There’s a lot that can be said about Newt Gingrich’s many flaws and what his rise says about the state of the Republican Party. I’ve said many things on both topics myself, and I think it’s fairly clear that I’m no fan of Gingrich and honestly don’t think he belongs in the Oval Office. However, there’s an old saying that you can’t beat something with nothing and that seems to be the situation that the GOP race is in right now. Mitt Romney has a lot to recommend to him as a candidate. He’s got the resume, the ability to appeal to the independents that are likely to be turned off by a bomb thrower like Gingrich, if you were going to call Central Casting and ask for a guy who “looks Presidential,” they’d send you a guy who looks like Mitt Romney. But it seems like that where it ends. Romney seems to lack not just the passion that many analysts say the GOP is looking for, but any passion at all. His efforts to connect to the average voter on the stump usually come across as looking pretty dorky (someone needs to tell him to stop wearing jeans). And, even after running for President for nearly five years he doesn’t seem to be able to communicate the reason why he wants the job.
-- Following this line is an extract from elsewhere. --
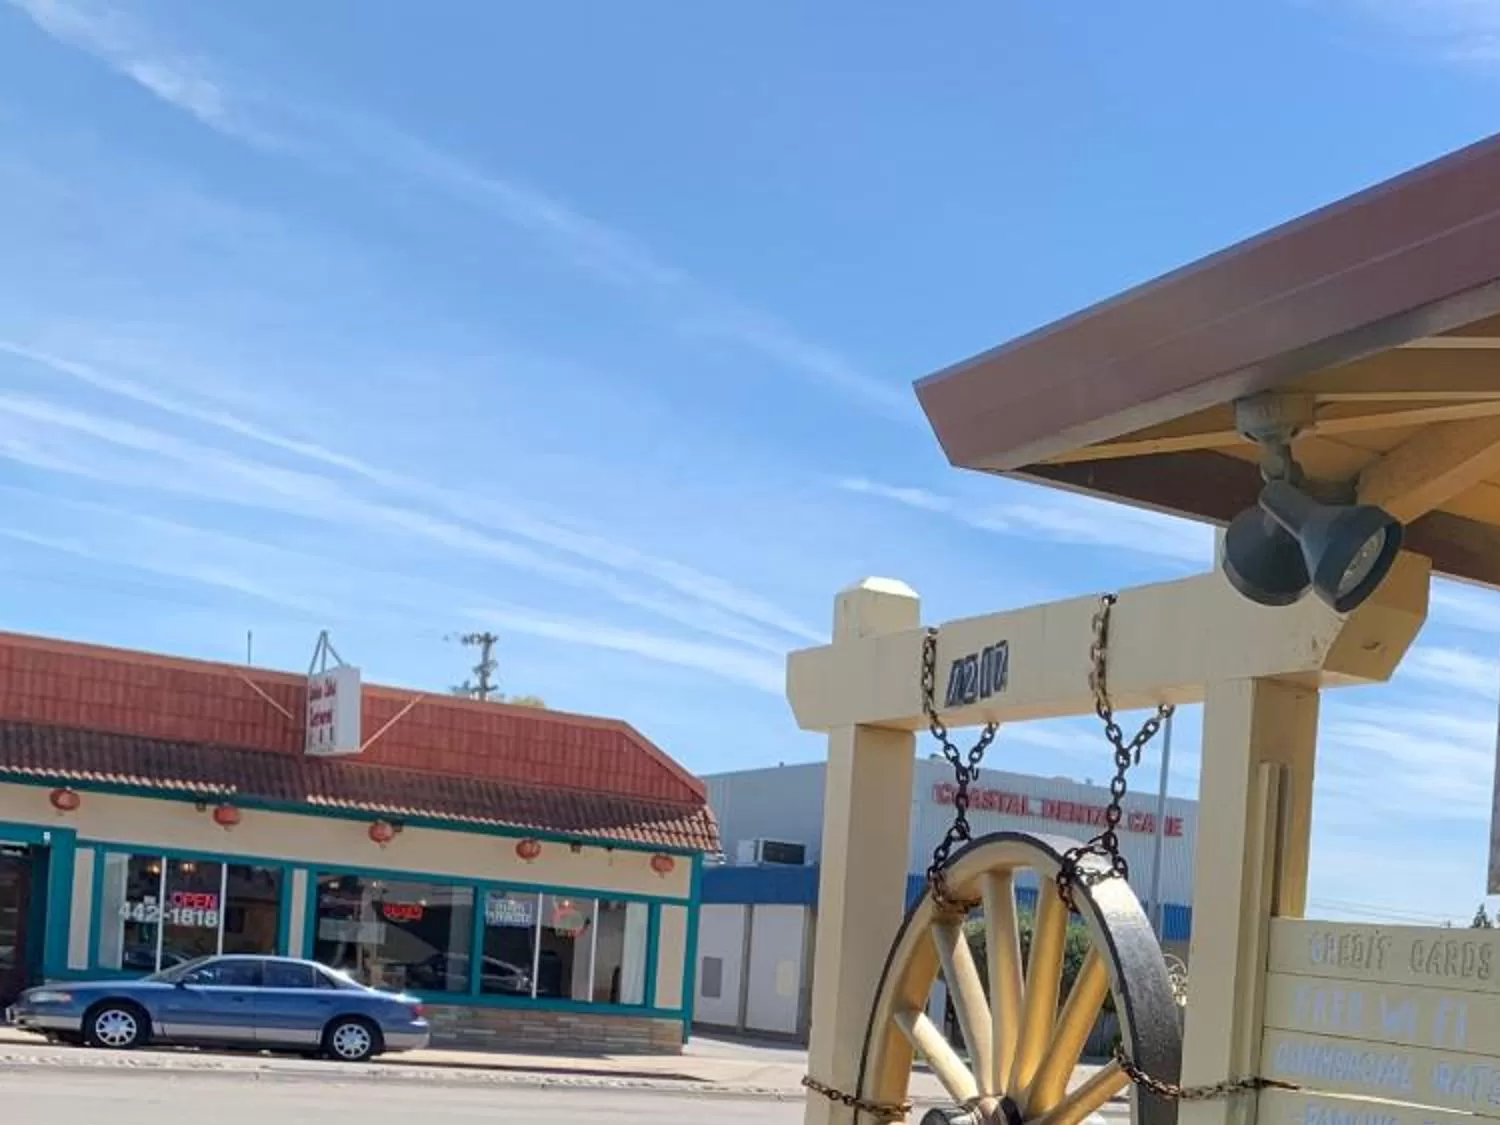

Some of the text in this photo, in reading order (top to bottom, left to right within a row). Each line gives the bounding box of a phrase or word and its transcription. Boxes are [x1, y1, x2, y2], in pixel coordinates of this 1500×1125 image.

Mitt Romney has a great campaign organization, a lot of money, and the backing of some of the biggest names in the Republican Party. What he seems to be lacking, though, is anything resembling substance, and that may be the reason he finds himself threatened by an irresponsible, amoral, big government conservative who is likely to lead the GOP down the road to ruin if he wins the nomination. Romney can still win this nomination, but if he’s going to but this Gingrich challenge to rest he will need to show voters that he’s something more than a perfectly packaged real-life version of Bill McKay. Otherwise, he could find himself eating Newt Gingrich’s dust as the former Speaker heads off to November to assist in the re-election of Barack Obama.